**About this task**
Print the listing in full, exactly as it stands.

§

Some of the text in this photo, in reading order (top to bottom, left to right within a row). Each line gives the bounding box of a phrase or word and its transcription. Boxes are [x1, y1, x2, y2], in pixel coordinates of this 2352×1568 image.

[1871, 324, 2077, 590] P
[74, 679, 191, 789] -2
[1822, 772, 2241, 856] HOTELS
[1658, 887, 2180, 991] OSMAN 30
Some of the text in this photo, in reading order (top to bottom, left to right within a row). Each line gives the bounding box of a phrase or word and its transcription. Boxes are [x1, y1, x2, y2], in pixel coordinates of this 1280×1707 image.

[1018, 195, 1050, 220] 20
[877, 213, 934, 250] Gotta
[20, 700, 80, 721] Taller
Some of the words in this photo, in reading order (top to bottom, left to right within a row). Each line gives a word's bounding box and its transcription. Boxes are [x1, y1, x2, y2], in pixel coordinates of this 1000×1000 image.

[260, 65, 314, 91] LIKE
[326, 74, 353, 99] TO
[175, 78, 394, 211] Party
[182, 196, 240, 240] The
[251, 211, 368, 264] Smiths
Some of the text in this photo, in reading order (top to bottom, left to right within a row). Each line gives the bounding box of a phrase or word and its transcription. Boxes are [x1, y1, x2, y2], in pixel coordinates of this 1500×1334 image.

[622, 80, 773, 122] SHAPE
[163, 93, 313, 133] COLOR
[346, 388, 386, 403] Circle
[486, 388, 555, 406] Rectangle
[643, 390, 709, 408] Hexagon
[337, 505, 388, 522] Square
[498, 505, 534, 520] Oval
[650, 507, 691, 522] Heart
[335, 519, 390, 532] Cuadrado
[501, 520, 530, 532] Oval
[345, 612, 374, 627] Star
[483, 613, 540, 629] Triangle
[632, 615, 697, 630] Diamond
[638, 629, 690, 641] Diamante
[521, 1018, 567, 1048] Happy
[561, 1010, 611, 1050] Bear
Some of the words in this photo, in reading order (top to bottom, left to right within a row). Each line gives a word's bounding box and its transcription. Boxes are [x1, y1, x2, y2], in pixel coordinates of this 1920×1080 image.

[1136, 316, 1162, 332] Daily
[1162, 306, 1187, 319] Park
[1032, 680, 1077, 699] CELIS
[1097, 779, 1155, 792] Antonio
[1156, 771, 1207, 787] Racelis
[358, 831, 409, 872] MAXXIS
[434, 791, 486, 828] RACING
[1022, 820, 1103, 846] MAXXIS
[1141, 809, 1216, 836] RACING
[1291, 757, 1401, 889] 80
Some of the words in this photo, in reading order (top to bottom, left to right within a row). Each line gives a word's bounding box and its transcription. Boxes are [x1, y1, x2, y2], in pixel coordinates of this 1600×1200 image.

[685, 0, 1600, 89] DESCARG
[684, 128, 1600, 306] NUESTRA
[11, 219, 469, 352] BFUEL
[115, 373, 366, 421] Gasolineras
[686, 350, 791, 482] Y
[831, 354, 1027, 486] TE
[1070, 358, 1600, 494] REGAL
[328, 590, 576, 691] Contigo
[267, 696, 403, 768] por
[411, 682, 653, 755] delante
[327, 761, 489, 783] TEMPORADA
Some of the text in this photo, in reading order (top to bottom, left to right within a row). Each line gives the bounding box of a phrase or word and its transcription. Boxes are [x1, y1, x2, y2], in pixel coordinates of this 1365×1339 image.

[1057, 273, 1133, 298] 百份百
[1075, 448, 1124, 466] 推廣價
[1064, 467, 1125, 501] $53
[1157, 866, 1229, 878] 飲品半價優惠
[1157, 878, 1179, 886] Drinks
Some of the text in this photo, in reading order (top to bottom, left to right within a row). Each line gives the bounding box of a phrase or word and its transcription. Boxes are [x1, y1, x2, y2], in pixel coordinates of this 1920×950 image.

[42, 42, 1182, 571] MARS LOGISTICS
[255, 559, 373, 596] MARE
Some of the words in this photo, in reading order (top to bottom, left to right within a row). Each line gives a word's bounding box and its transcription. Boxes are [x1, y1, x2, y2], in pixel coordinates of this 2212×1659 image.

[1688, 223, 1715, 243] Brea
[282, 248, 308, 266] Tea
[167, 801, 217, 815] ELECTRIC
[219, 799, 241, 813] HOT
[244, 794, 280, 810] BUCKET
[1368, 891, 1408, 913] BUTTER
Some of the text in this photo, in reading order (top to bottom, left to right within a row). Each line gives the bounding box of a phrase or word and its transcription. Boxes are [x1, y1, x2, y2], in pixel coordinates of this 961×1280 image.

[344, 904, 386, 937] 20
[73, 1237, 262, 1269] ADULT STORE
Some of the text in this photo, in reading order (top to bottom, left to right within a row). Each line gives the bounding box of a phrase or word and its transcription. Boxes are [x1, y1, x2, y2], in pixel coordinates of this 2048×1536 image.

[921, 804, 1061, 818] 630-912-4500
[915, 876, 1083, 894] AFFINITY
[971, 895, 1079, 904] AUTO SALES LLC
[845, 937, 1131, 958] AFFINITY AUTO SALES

§

**Your solution**
Some of the text in this photo, in reading order (top to bottom, left to right within a row). Each line gives the bounding box of a phrase or word and its transcription. Boxes are [x1, y1, x2, y2], in pixel coordinates of this 2352×1568 image.

[1871, 324, 2077, 590] P
[74, 679, 191, 789] -2
[1822, 772, 2241, 856] HOTELS
[1658, 887, 2180, 991] OSMAN 30
Some of the text in this photo, in reading order (top to bottom, left to right within a row). Each line gives the bounding box of a phrase or word and its transcription. Boxes are [x1, y1, x2, y2], in pixel coordinates of this 1280×1707 image.

[1018, 195, 1050, 220] 20
[877, 213, 934, 250] Gotta
[20, 700, 80, 721] Taller
Some of the words in this photo, in reading order (top to bottom, left to right within a row). Each line gives a word's bounding box and its transcription. Boxes are [x1, y1, x2, y2], in pixel coordinates of this 1000×1000 image.

[260, 65, 314, 91] LIKE
[326, 74, 353, 99] TO
[175, 78, 394, 211] Party
[182, 196, 240, 240] The
[251, 211, 368, 264] Smiths
Some of the text in this photo, in reading order (top to bottom, left to right within a row). Each line gives the bounding box of a phrase or word and its transcription. Boxes are [x1, y1, x2, y2], in pixel coordinates of this 1500×1334 image.

[622, 80, 773, 122] SHAPE
[163, 93, 313, 133] COLOR
[346, 388, 386, 403] Circle
[486, 388, 555, 406] Rectangle
[643, 390, 709, 408] Hexagon
[337, 505, 388, 522] Square
[498, 505, 534, 520] Oval
[650, 507, 691, 522] Heart
[335, 519, 390, 532] Cuadrado
[501, 520, 530, 532] Oval
[345, 612, 374, 627] Star
[483, 613, 540, 629] Triangle
[632, 615, 697, 630] Diamond
[638, 629, 690, 641] Diamante
[521, 1018, 567, 1048] Happy
[561, 1010, 611, 1050] Bear
Some of the words in this photo, in reading order (top to bottom, left to right within a row). Each line gives a word's bounding box and its transcription. Boxes are [x1, y1, x2, y2], in pixel coordinates of this 1920×1080 image.

[1136, 316, 1162, 332] Daily
[1162, 306, 1187, 319] Park
[1032, 680, 1077, 699] CELIS
[1097, 779, 1155, 792] Antonio
[1156, 771, 1207, 787] Racelis
[358, 831, 409, 872] MAXXIS
[434, 791, 486, 828] RACING
[1022, 820, 1103, 846] MAXXIS
[1141, 809, 1216, 836] RACING
[1291, 757, 1401, 889] 80
Some of the words in this photo, in reading order (top to bottom, left to right within a row). Each line gives a word's bounding box and its transcription. Boxes are [x1, y1, x2, y2], in pixel coordinates of this 1600×1200 image.

[685, 0, 1600, 89] DESCARG
[684, 128, 1600, 306] NUESTRA
[11, 219, 469, 352] BFUEL
[115, 373, 366, 421] Gasolineras
[686, 350, 791, 482] Y
[831, 354, 1027, 486] TE
[1070, 358, 1600, 494] REGAL
[328, 590, 576, 691] Contigo
[267, 696, 403, 768] por
[411, 682, 653, 755] delante
[327, 761, 489, 783] TEMPORADA
Some of the text in this photo, in reading order (top to bottom, left to right within a row). Each line gives the bounding box of a phrase or word and its transcription. Boxes are [x1, y1, x2, y2], in pixel coordinates of this 1365×1339 image.

[1057, 273, 1133, 298] 百份百
[1075, 448, 1124, 466] 推廣價
[1064, 467, 1125, 501] $53
[1157, 866, 1229, 878] 飲品半價優惠
[1157, 878, 1179, 886] Drinks
Some of the text in this photo, in reading order (top to bottom, left to right within a row). Each line gives the bounding box of a phrase or word and its transcription. Boxes are [x1, y1, x2, y2], in pixel coordinates of this 1920×950 image.

[42, 42, 1182, 571] MARS LOGISTICS
[255, 559, 373, 596] MARE
Some of the words in this photo, in reading order (top to bottom, left to right within a row). Each line gives a word's bounding box and its transcription. Boxes are [x1, y1, x2, y2], in pixel coordinates of this 2212×1659 image.

[1688, 223, 1715, 243] Brea
[282, 248, 308, 266] Tea
[167, 801, 217, 815] ELECTRIC
[219, 799, 241, 813] HOT
[244, 794, 280, 810] BUCKET
[1368, 891, 1408, 913] BUTTER
Some of the text in this photo, in reading order (top to bottom, left to right within a row). Each line gives the bounding box of a phrase or word and its transcription. Boxes are [x1, y1, x2, y2], in pixel coordinates of this 961×1280 image.

[344, 904, 386, 937] 20
[73, 1237, 262, 1269] ADULT STORE
Some of the text in this photo, in reading order (top to bottom, left to right within a row). Each line gives the bounding box of a phrase or word and its transcription. Boxes are [x1, y1, x2, y2], in pixel coordinates of this 2048×1536 image.

[921, 804, 1061, 818] 630-912-4500
[915, 876, 1083, 894] AFFINITY
[971, 895, 1079, 904] AUTO SALES LLC
[845, 937, 1131, 958] AFFINITY AUTO SALES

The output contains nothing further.